#### Exercise inputs

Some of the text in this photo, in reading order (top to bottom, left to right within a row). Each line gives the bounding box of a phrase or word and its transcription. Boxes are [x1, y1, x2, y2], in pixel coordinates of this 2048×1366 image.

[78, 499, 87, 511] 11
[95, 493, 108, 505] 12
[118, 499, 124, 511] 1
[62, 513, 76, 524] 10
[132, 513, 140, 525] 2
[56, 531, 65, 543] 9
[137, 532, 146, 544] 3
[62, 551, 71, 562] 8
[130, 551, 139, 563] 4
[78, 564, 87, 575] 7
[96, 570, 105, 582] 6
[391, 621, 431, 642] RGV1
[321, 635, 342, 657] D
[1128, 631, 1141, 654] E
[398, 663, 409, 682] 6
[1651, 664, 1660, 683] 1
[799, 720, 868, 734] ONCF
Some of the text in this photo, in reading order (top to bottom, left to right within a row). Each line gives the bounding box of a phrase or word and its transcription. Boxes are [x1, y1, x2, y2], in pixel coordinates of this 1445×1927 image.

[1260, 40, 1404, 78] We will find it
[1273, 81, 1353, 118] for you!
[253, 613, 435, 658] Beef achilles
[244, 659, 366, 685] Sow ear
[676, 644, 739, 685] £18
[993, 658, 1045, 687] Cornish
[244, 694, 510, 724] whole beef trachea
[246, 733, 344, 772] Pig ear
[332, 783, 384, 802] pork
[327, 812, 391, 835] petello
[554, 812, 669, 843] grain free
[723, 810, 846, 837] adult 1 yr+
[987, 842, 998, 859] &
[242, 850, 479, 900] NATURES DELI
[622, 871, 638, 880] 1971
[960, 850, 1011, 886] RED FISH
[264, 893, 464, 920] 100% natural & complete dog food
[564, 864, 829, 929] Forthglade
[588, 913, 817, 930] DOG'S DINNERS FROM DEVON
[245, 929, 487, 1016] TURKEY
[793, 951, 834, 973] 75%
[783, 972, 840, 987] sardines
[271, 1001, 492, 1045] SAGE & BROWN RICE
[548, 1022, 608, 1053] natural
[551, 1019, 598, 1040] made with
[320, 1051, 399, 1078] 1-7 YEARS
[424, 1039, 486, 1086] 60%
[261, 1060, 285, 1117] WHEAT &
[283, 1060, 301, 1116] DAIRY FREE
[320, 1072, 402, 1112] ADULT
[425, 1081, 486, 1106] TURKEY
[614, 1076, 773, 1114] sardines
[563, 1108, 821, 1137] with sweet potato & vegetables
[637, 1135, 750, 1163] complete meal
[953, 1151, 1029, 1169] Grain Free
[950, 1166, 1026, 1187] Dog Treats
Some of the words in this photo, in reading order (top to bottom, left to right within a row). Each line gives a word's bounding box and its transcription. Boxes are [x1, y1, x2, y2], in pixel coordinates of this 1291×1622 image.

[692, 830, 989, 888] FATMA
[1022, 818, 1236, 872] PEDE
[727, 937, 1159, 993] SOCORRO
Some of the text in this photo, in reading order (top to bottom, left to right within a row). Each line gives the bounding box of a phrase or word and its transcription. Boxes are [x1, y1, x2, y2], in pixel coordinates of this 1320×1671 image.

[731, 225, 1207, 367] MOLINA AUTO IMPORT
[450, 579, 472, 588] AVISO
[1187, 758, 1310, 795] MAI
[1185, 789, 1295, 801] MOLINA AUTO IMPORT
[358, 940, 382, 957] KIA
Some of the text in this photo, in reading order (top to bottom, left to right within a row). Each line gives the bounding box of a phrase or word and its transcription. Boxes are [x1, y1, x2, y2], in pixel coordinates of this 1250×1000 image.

########

- What is required
Output the line that contains "this 1320×1671 image.", followed by every later line in the listing, with no line omitted and none added.

- Task response
Some of the text in this photo, in reading order (top to bottom, left to right within a row). Each line gives the bounding box of a phrase or word and its transcription. Boxes are [x1, y1, x2, y2], in pixel coordinates of this 1320×1671 image.

[731, 225, 1207, 367] MOLINA AUTO IMPORT
[450, 579, 472, 588] AVISO
[1187, 758, 1310, 795] MAI
[1185, 789, 1295, 801] MOLINA AUTO IMPORT
[358, 940, 382, 957] KIA
Some of the text in this photo, in reading order (top to bottom, left to right within a row). Each line gives the bounding box of a phrase or word and its transcription. Boxes are [x1, y1, x2, y2], in pixel coordinates of this 1250×1000 image.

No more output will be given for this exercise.